In Egypt, Gov. Gray Davis this week will visit a 100,000 acre Saudi-backed irrigation and agricultural project that is being operated by Sun World International, the Bakersfield-based subsidiary of Cadiz Land of Santa Monica.

All that activity is occurring against a backdrop of Israel’s emergence as one of the liveliest high-tech economies on earth. Hundreds of entrepreneurial companies have sprung up in Israel. Almost 100 of them trade on U.S. stock exchanges and Nasdaq, including Check Point Software Technologies, a network systems company, and Galileo Technology, a supplier of semiconductor devices.

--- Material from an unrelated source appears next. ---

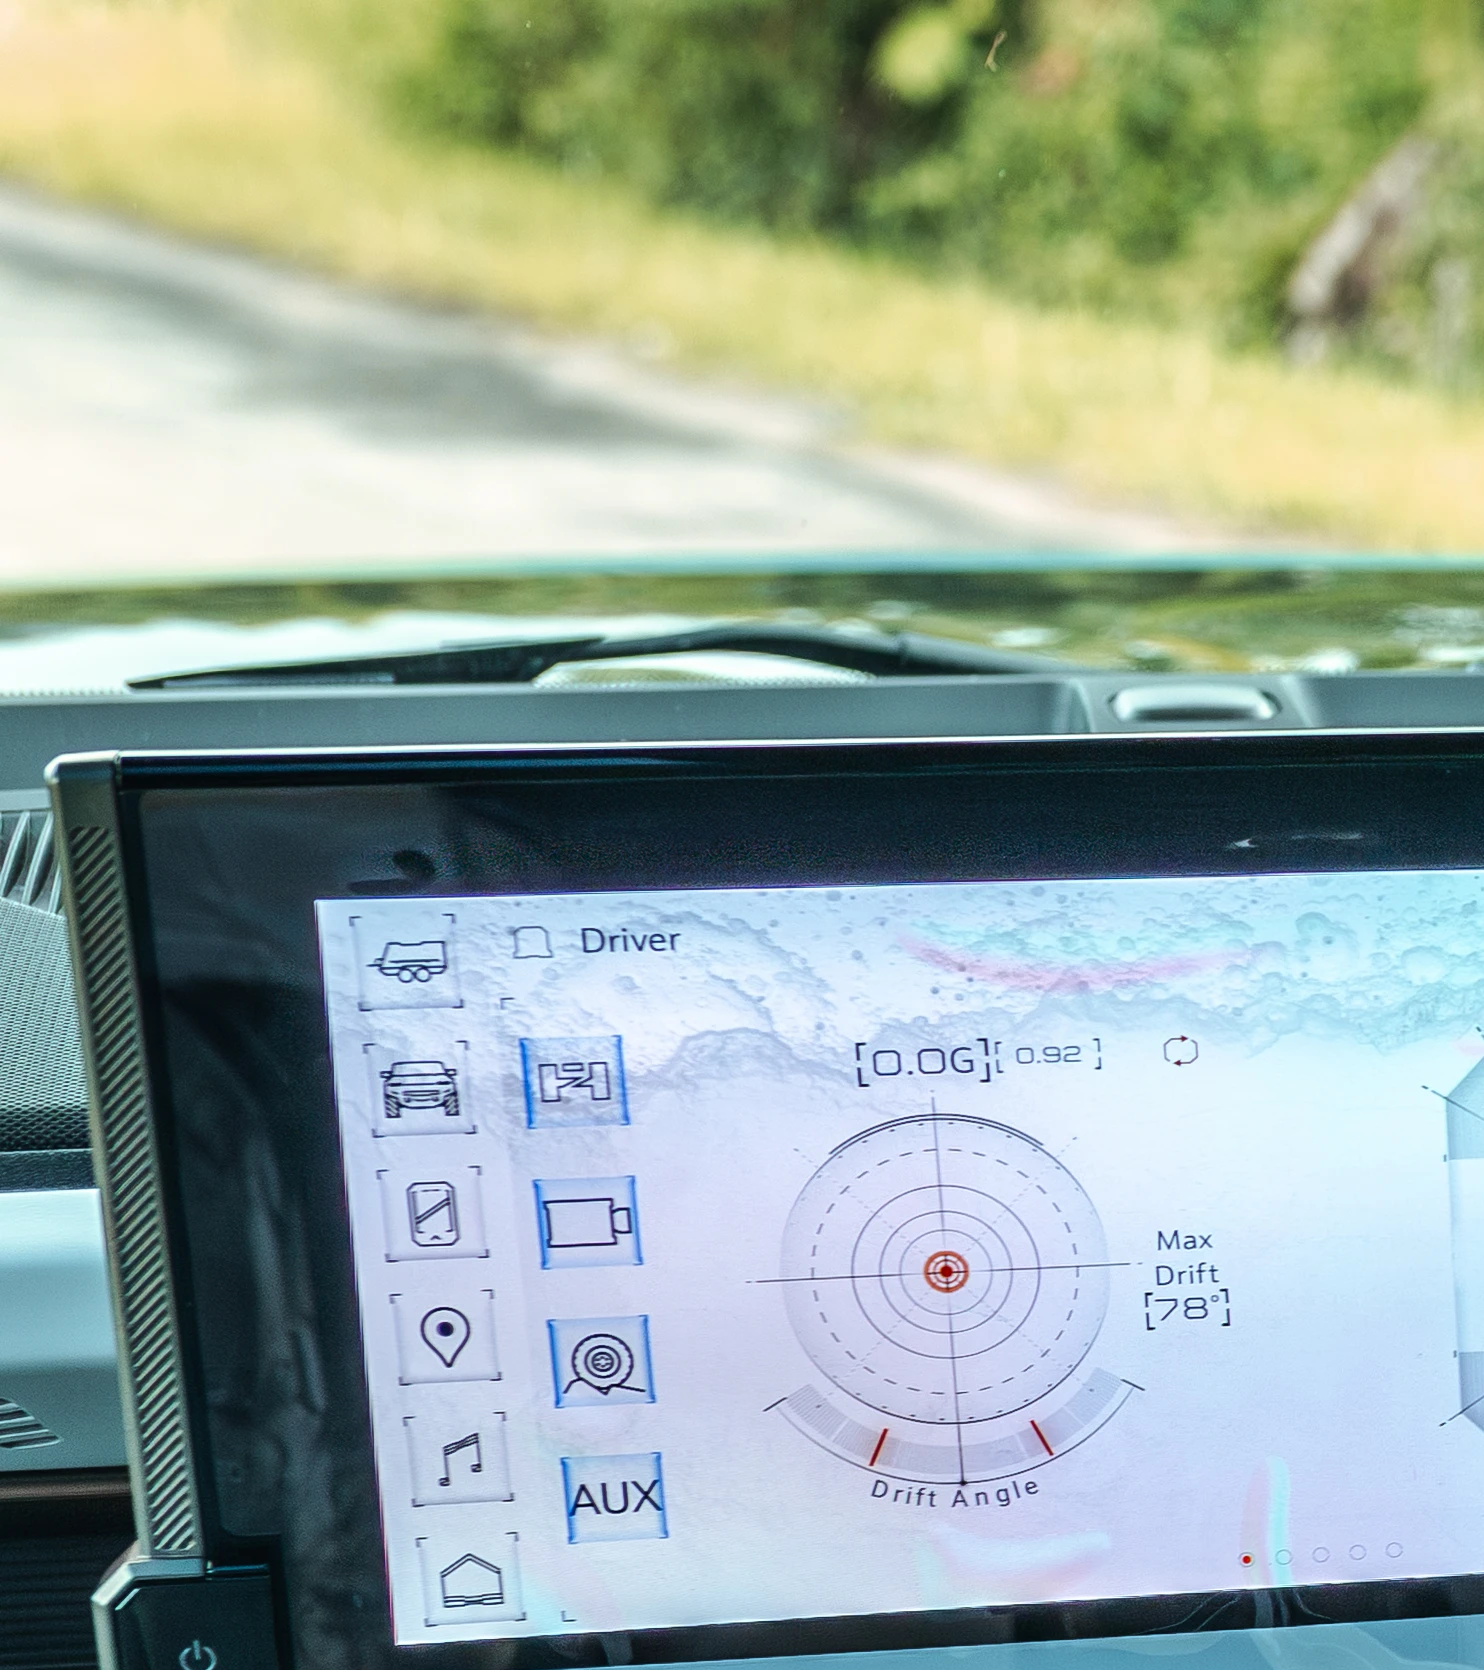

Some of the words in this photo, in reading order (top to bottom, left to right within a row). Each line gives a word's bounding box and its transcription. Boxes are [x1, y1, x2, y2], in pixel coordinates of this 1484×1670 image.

But Israel has not always had such an advanced economy--it had to create it out of political and economic changes that are still evolving. The country was created less than three generations ago as a frankly socialist state with large segments of its industry controlled by a labor federation.

Because of its needs for heavy defense spending, Israel had a government-dominated economy until 1985, “when inflation hit 450%,” recalls current Finance Minister Avraham Shohat. That’s when Israel began to change. Banks were privatized, and government industries sold to private investors.

Israel always had skilled people, because it spent 12% of its national budget on education even as defense commanded 15%. Then, with the addition of skilled immigrants from Russia in the early 1990s, Israel’s economy took off, sending exports to Europe, Asia and the United States.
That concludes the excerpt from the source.